Three labs, same wall
OpenAI isn't the only group reaching this conclusion, which makes it harder to dismiss as one company's internal pessimism. Researchers at Tsinghua University's NLP lab published work in December 2025 (arXiv: 2512.01797) identifying specific neurons, fewer than 0.01% of the total, that drive hallucination behavior. They called them H-Neurons. The finding: these neurons don't store wrong information. They encode the preference for producing any answer over admitting uncertainty. Suppress them, and hallucination drops. But so does the model's willingness to answer at all.
Separately, Oxford researchers published in Nature in 2024 showing that models produce arbitrary wrong answers when uncertain, and proposed semantic entropy as a detection method. Sebastian Farquhar, the lead author (who later joined Google DeepMind), was careful to note this only catches one type of error: confabulation, where the model gives different answers each time you ask. Consistent mistakes slip through.
So we have one group proving hallucinations are mathematically inevitable. Another locating the exact neurons responsible. A third developing detection methods while acknowledging they only catch a fraction of the problem. The convergence is hard to ignore.

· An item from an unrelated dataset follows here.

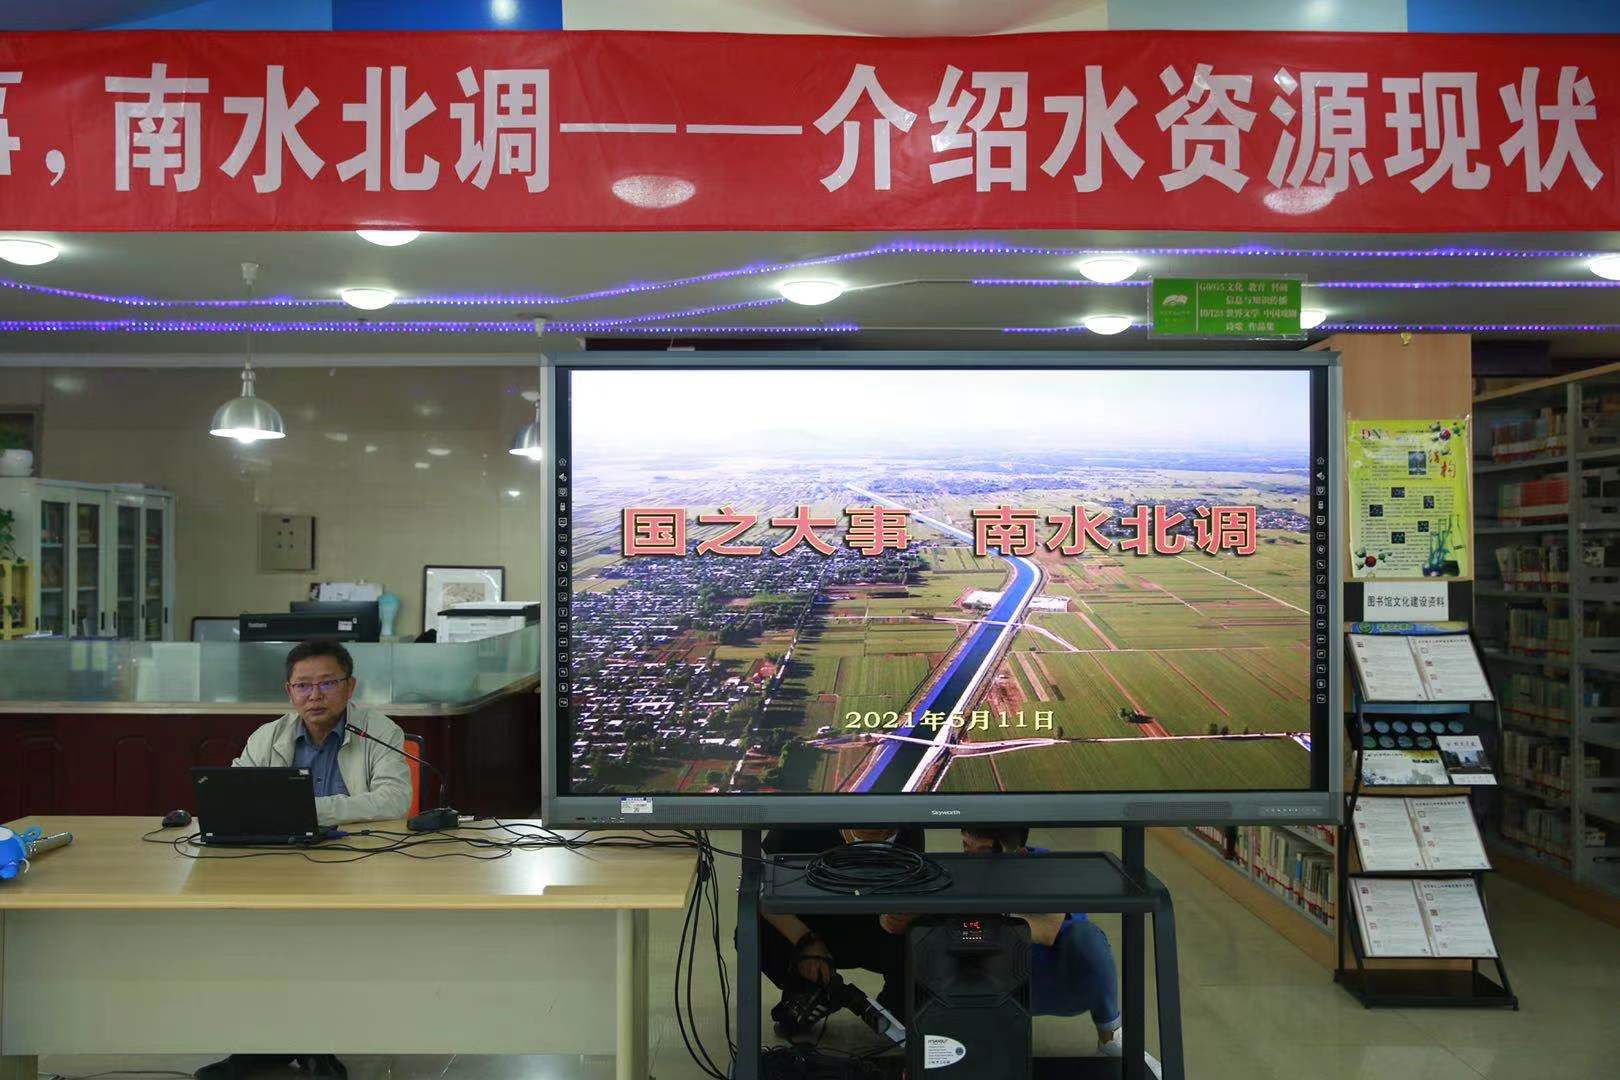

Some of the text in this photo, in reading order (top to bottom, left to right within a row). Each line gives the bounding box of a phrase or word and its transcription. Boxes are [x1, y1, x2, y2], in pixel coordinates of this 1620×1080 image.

[0, 63, 1604, 193] ，南水北调——介绍水资源现状
[621, 504, 1258, 557] 国之大事 南水北调
[1367, 595, 1446, 608] 图书馆文化建设资料
[845, 709, 1056, 732] 2021年5月11日

What the benchmarks actually reward
I keep coming back to the benchmark finding because it's the most actionable part of this whole story. Nine out of ten major AI evaluations, including GPQA, MMLU-Pro, and SWE-bench, grade in a way that makes honesty a losing strategy. The OpenAI paper proposes reforming these benchmarks to reward calibrated confidence, penalizing wrong answers more heavily (say, minus three points) while allowing abstention at zero cost.

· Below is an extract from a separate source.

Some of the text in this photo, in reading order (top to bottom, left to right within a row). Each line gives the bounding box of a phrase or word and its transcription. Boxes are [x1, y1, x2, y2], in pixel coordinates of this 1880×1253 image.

On paper, this works. In practice, who moves first? If one company starts training models that say "I don't know" more often, their benchmark scores drop relative to competitors who keep training aggressive guessers. The OpenAI blog post accompanying the paper tries to reframe this optimistically, arguing that hallucinations aren't inevitable if models can abstain. But that framing quietly concedes the point: the only way to avoid hallucinating is to not answer, and not answering isn't what anyone is paying for.

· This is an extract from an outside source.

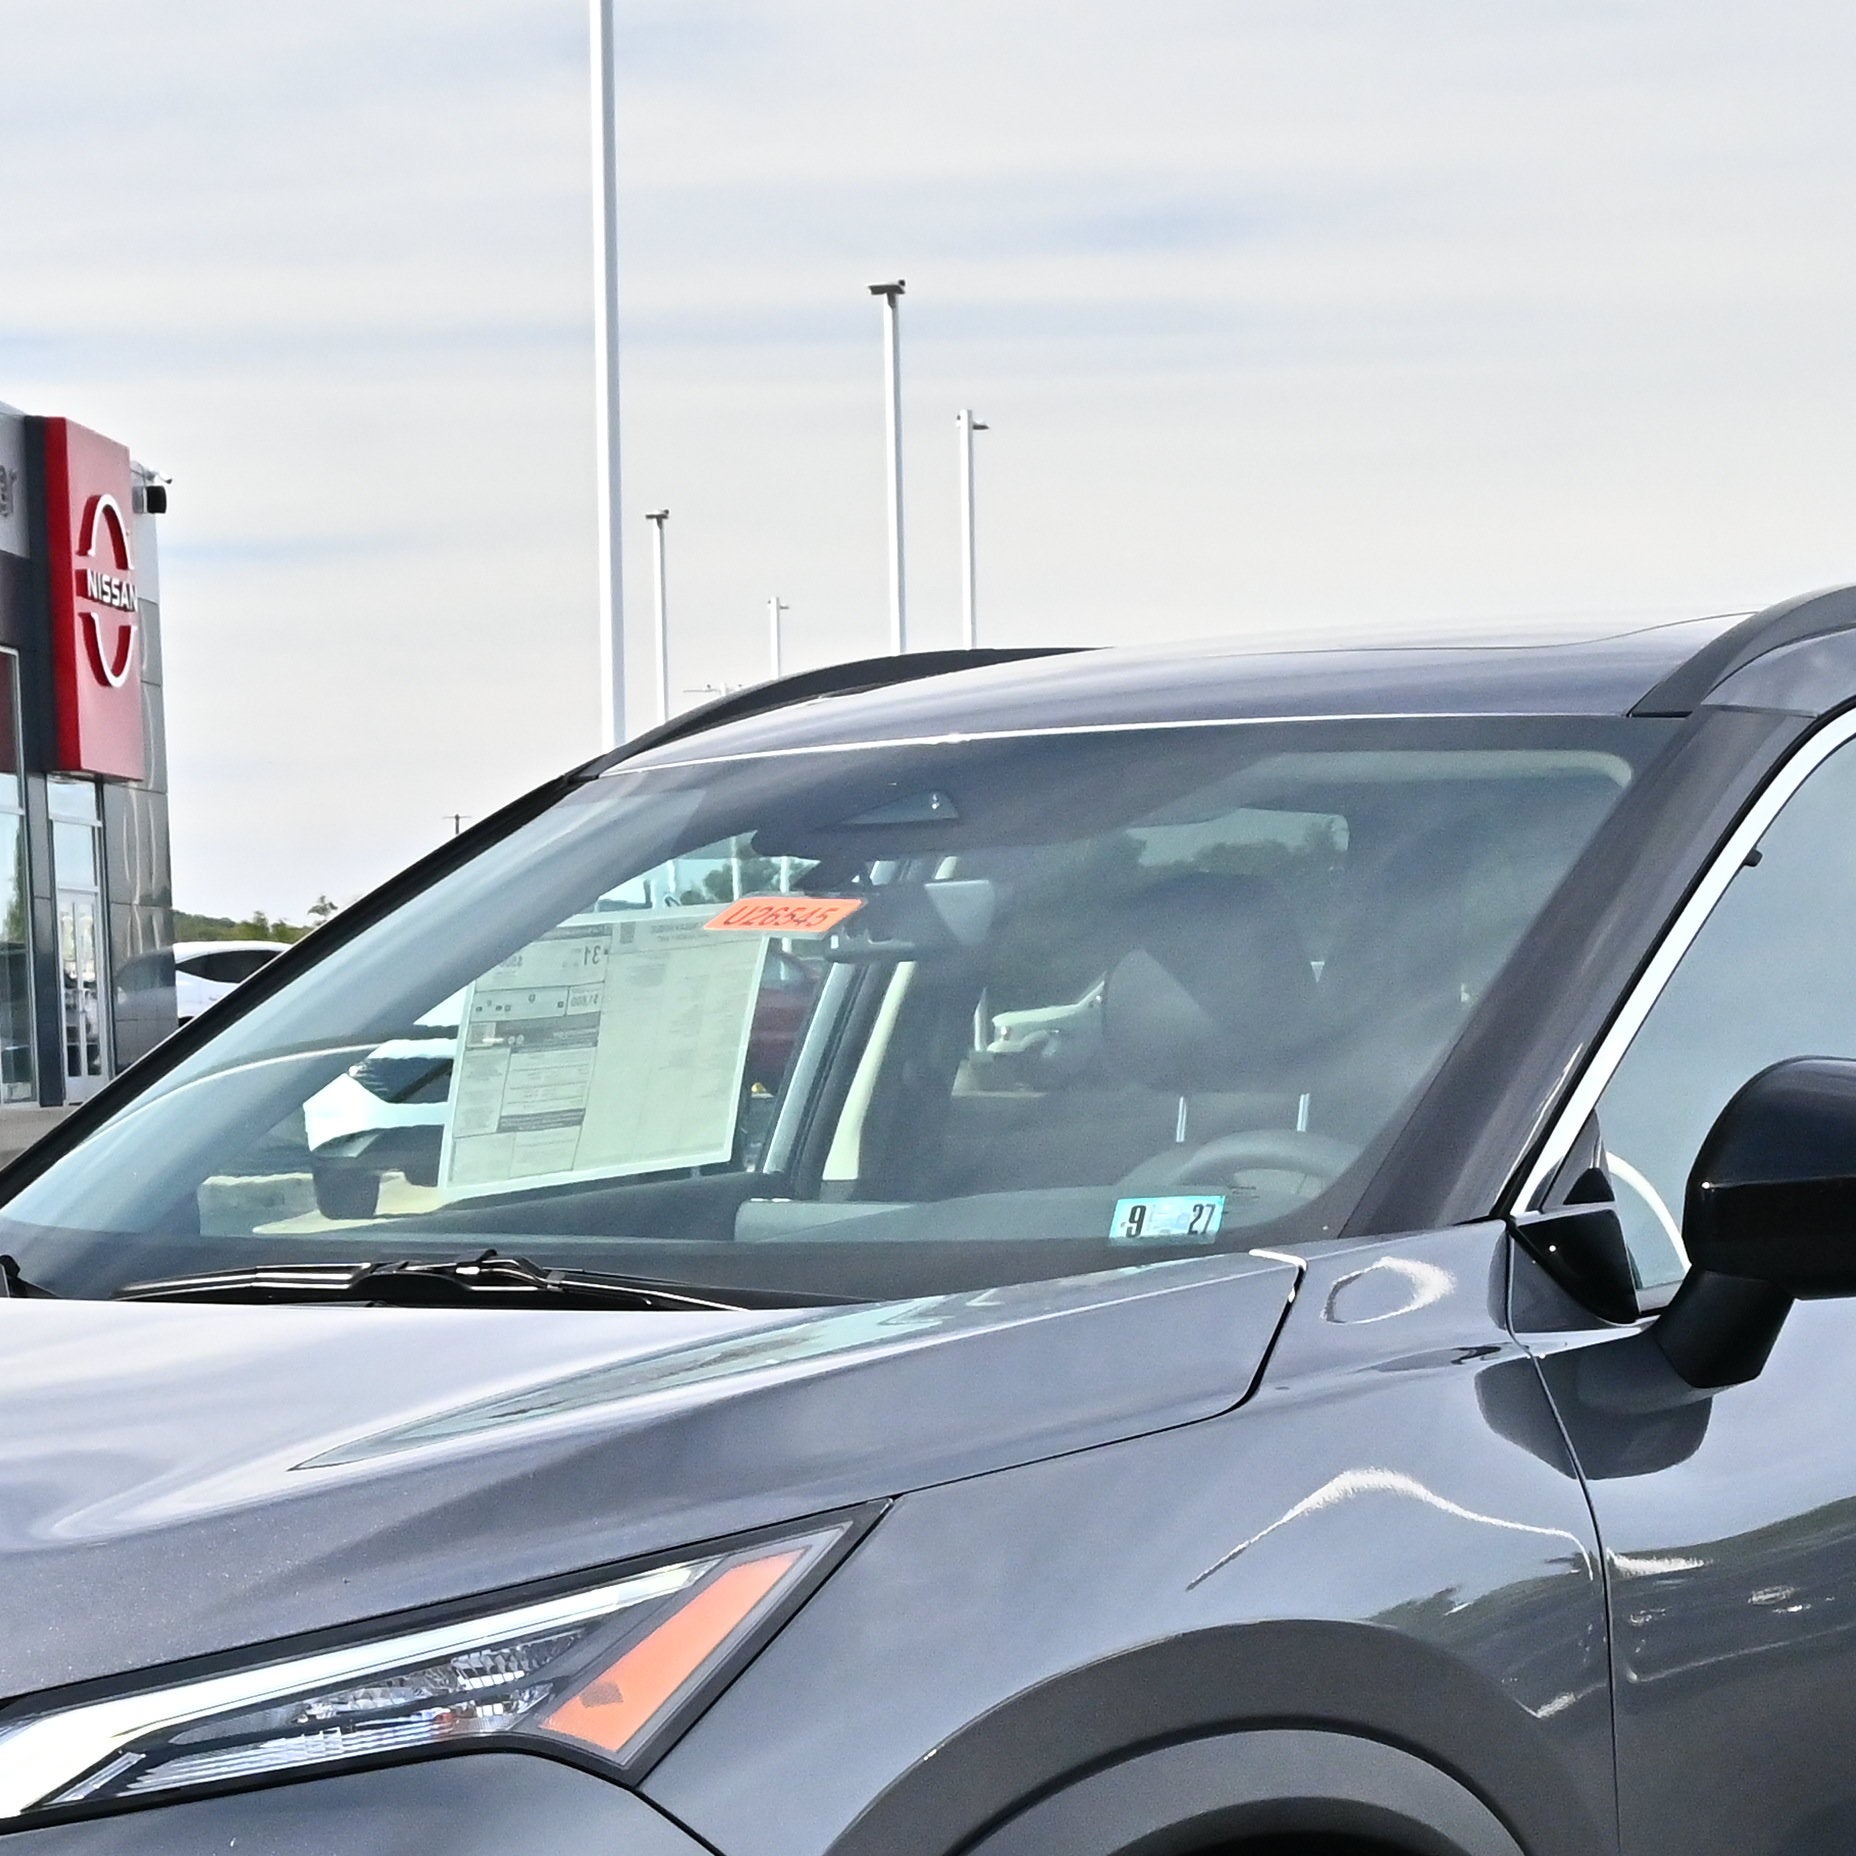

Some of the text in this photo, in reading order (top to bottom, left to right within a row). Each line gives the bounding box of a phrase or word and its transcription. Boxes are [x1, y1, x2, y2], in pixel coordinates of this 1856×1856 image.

[86, 569, 138, 612] NISSAN
[1126, 1203, 1216, 1238] 9 27

Neil Shah, VP for research at Counterpoint Technologies, put it bluntly in Computerworld's coverage: unlike human intelligence, AI lacks the humility to acknowledge uncertainty. It presents estimates as facts. And we've built the entire evaluation ecosystem to encourage exactly that behavior.
The FTC hasn't weighed in on hallucination specifically, and there's no regulatory deadline forcing anyone's hand. OpenAI's paper calls for industry-wide evaluation reform. The paper itself is the most concrete step anyone has taken toward that, and it's a research paper, not a product change. The models shipping today still guess. The benchmarks still reward it. And nearly half of what o4-mini says about real people is wrong.